They say nothing ever happened in Coronation but few
people ever sat in on Mr. Mills' fifth grade class, my home room teacher.
Mr. Mills, would look out the second-story
window of our red brick schoolhouse as a car sped by and ask, "I wonder
what that driver is going to do with his extra two minutes?"
Since Coronation had less than a thousand people and was barely a dozen
blocks long and the speed limit was 25 miles per hour, even the fastest
driver in the world could not save more than a few minutes by driving like a
madman.
Mr. Mills and his wife travelled in the summer holidays and his classroom
lectures and observations were related to his journeys.

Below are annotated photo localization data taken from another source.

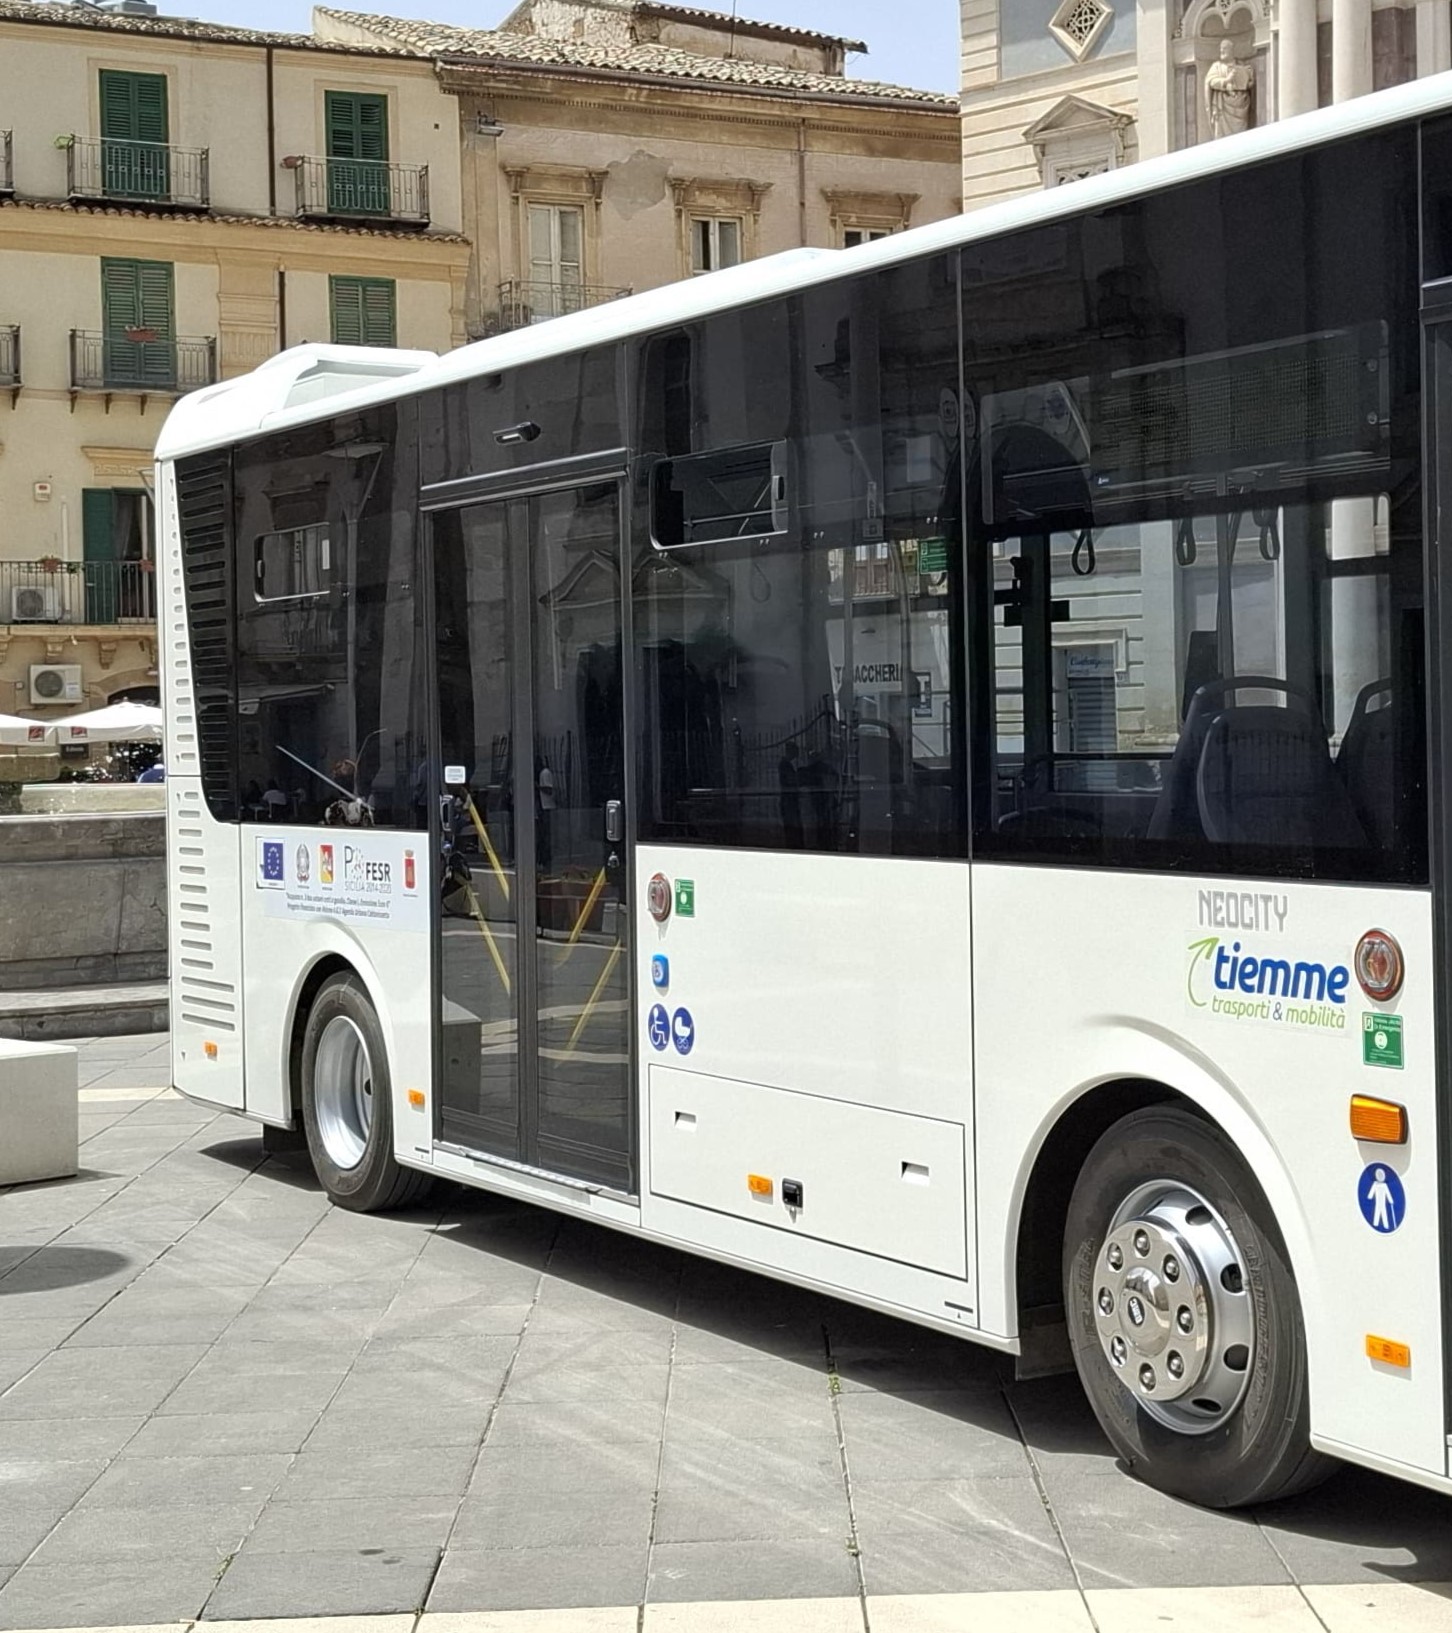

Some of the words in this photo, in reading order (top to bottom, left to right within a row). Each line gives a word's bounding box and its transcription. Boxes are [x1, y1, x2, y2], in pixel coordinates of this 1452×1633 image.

[365, 862, 391, 882] FESR
[1198, 889, 1288, 932] NEOCITY
[1214, 941, 1350, 1004] tiemme
[1212, 995, 1271, 1020] trasporti
[1272, 1001, 1283, 1021] &
[1285, 1004, 1346, 1029] mobilità

He was the first
person I ever knew who had been to Egypt.
He reported back to the class that the
pyramids were so precisely constructed that you couldn't wedge so much as a
butter knife between their two-ton blocks.

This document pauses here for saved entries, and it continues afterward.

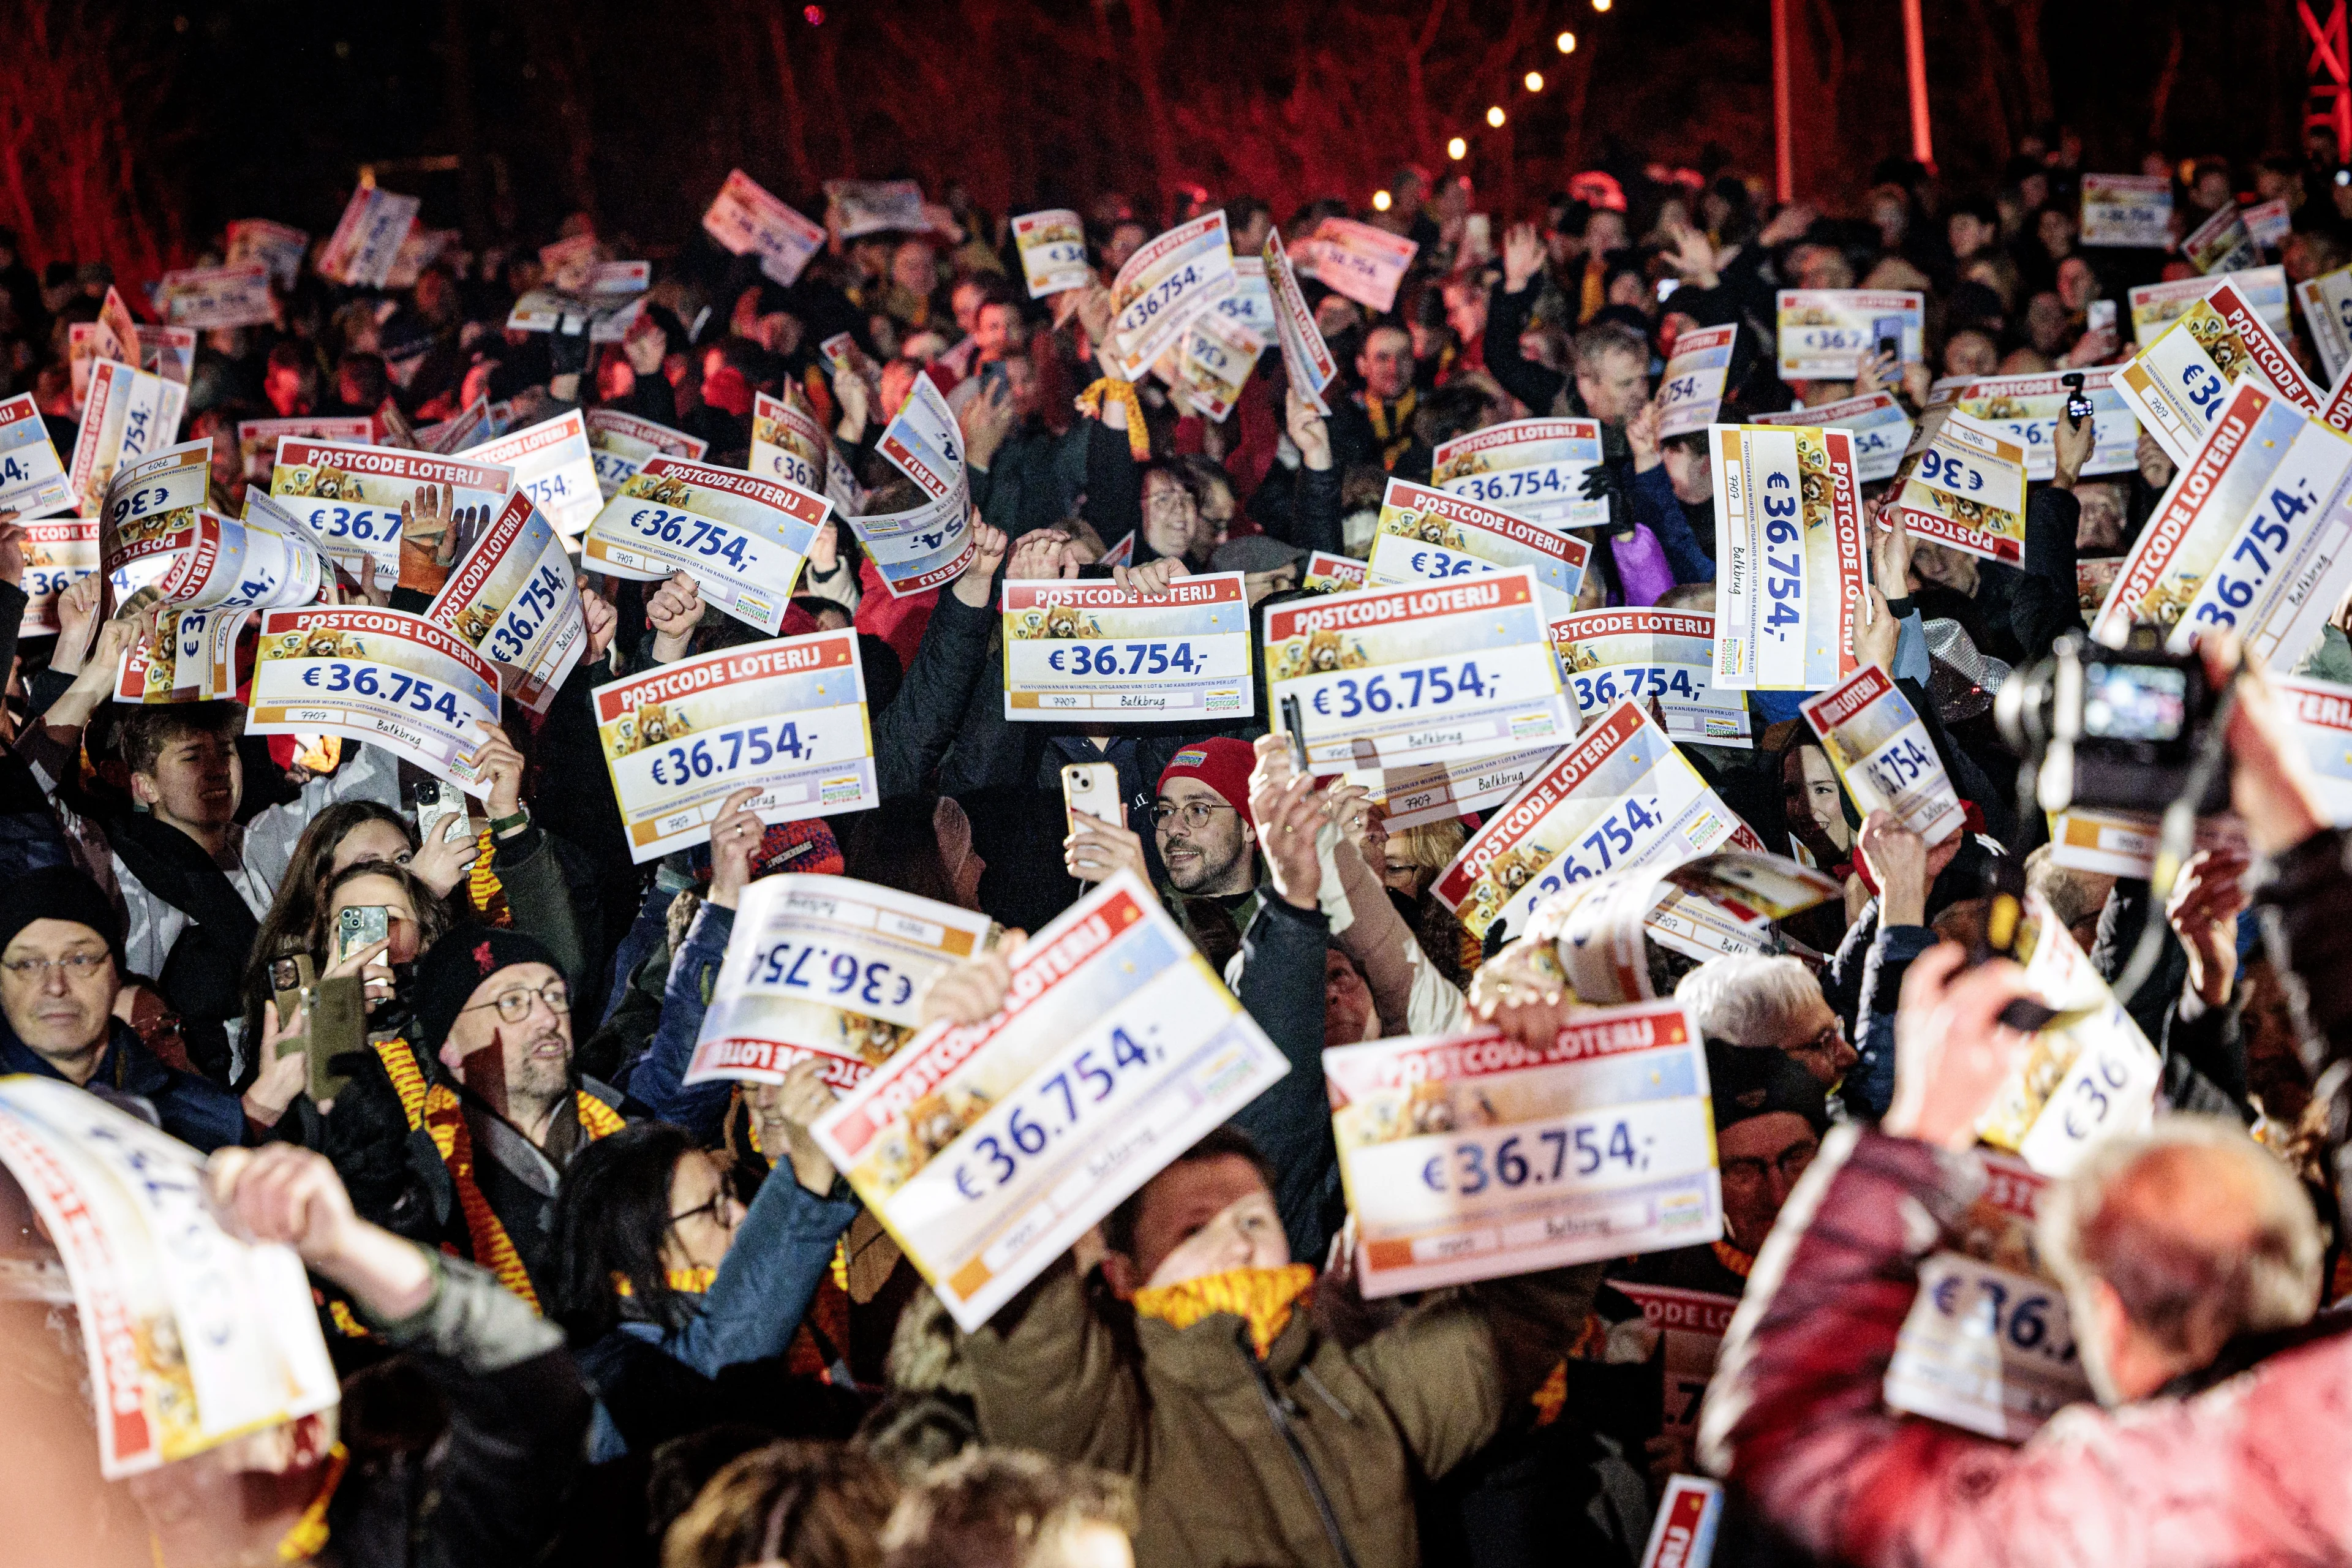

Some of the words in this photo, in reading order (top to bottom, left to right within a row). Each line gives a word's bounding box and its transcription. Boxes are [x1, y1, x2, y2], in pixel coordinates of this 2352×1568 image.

[2227, 307, 2305, 399] POSTCODE
[1978, 382, 2053, 398] POSTCODE
[522, 424, 568, 450] LOTERIJ
[1517, 424, 1578, 441] LOTERIJ
[307, 448, 406, 476] POSTCODE
[409, 460, 484, 486] LOTERIJ
[661, 464, 737, 495] POSTCODE
[733, 476, 801, 512] LOTERIJ
[1728, 475, 1740, 500] 7707
[1413, 493, 1504, 532] POSTCODE
[1507, 519, 1567, 555] LOTERIJ
[1832, 462, 1860, 570] POSTCODE
[2117, 495, 2194, 619] POSTCODE
[2187, 416, 2248, 502] LOTERIJ
[1905, 516, 1994, 551] POSTCOD
[104, 534, 176, 570] POSTCOD
[616, 552, 634, 565] 7707
[434, 555, 489, 628] POSTCODE
[488, 508, 522, 556] LOTERIJ
[632, 541, 653, 553] WIJKPRIJS,
[654, 548, 677, 560] UITGAANDE
[713, 570, 753, 592] KANJERPUNTEN
[753, 586, 764, 595] PER
[1332, 563, 1366, 585] POST
[1728, 547, 1747, 595] Balkbrug
[736, 603, 769, 620] POSTCODE
[738, 609, 764, 623] LOTERIJ
[741, 600, 766, 614] NATIONALE
[1294, 595, 1408, 633] POSTCODE
[1408, 582, 1501, 614] LOTERIJ
[1638, 616, 1711, 635] LOTERIJ
[296, 612, 412, 637] POSTCODE
[415, 624, 483, 673] LOTERIJ
[621, 662, 725, 712] POSTCODE
[729, 646, 821, 679] LOTERIJ
[301, 710, 328, 720] 7707
[1120, 695, 1166, 711] Balkbrug
[1674, 706, 1714, 714] KANJERPUNTEN
[355, 703, 389, 715] UITGAANDE
[432, 727, 471, 750] KANJERPUNTEN
[376, 718, 422, 750] Balkbrug
[1706, 728, 1738, 736] POSTCODE
[1451, 764, 1484, 777] UITGAANDE
[1478, 771, 1525, 791] Balkbrug
[1404, 794, 1431, 809] 7707
[1463, 783, 1556, 880] POSTCODE
[1552, 726, 1621, 793] LOTERIJ
[1692, 817, 1721, 846] POSTCODE

(Later, I went to Cairo with a
butter knife. But that's a different story, even though it had its roots in
one of Mr. Mills's lectures.)
Mr. and Mrs. Mills travelled to Japan and returned with fascinating stories
of riding on fast trains. He told us that the trains were so crowded that
when it rained, the authorities increased the number of passenger cars by 10
per cent to accommodate the extra raingear that commuters wore.
He said that there were "people packers" to jam everyone into the cars
before the train left the station.
I thought this was hilarious and I couldn't stop laughing. My laughter
caused several of the other boys to laugh. Mr. Mills stopped the class to
give them "the strap."
The
strap was a leather strop a yard long that
was used to sharpen straight razors. After Mr. Mills strapped the bejesus
out of my fellow miscreants, he cried.
I don't know how I managed to escape the strapping. It may have had
something to do with the fact that my parents and the Millses were friends.
Much later in life, I dated a Japanese gal and explained to her about the
Japanese people packers and the extra trains to carry the commuters who wore
raingear.
She laughed and said she had never heard such nonsense. She said that the
reason the transit authorities added more passenger cars in the rain was
because fewer people walked in wet weather. They took the train.
If Mr. Mills were alive now, he'd be about 120 years old. I wonder what he
would think of the modern-day world.
What would he say about the oyayubizoku? This
is the Japanese "thumb tribe"—a culture that uses cell phones and Palm
Pilots and GPS devices and TV sets embedded into eyeglasses.
Members of the "thumb tribe" range from Flin
Flon to Florida to Frankfurt. Everyone is connected with chips and uses
their thumbs to key information into their gadgets. Gadgets that are too
complex for many.
Right now they are working on all sorts of great gadgets for the
future—gadgets such as a plane that will fly from Los Angeles to Japan in
two hours. The
X-43 features a "scramjet" engine that will hurl it across
the heavens at 10 times the speed of sound.
On rainy days I wonder if they'll add 10 per cent more X-43 planes. I think
about something Mr. Mills asked. "I wonder what the driver is going to do
with his extra two minutes?"
Obviously the driver and his oyayubizoku passengers will save more than two
minutes as they zoom halfway around the world.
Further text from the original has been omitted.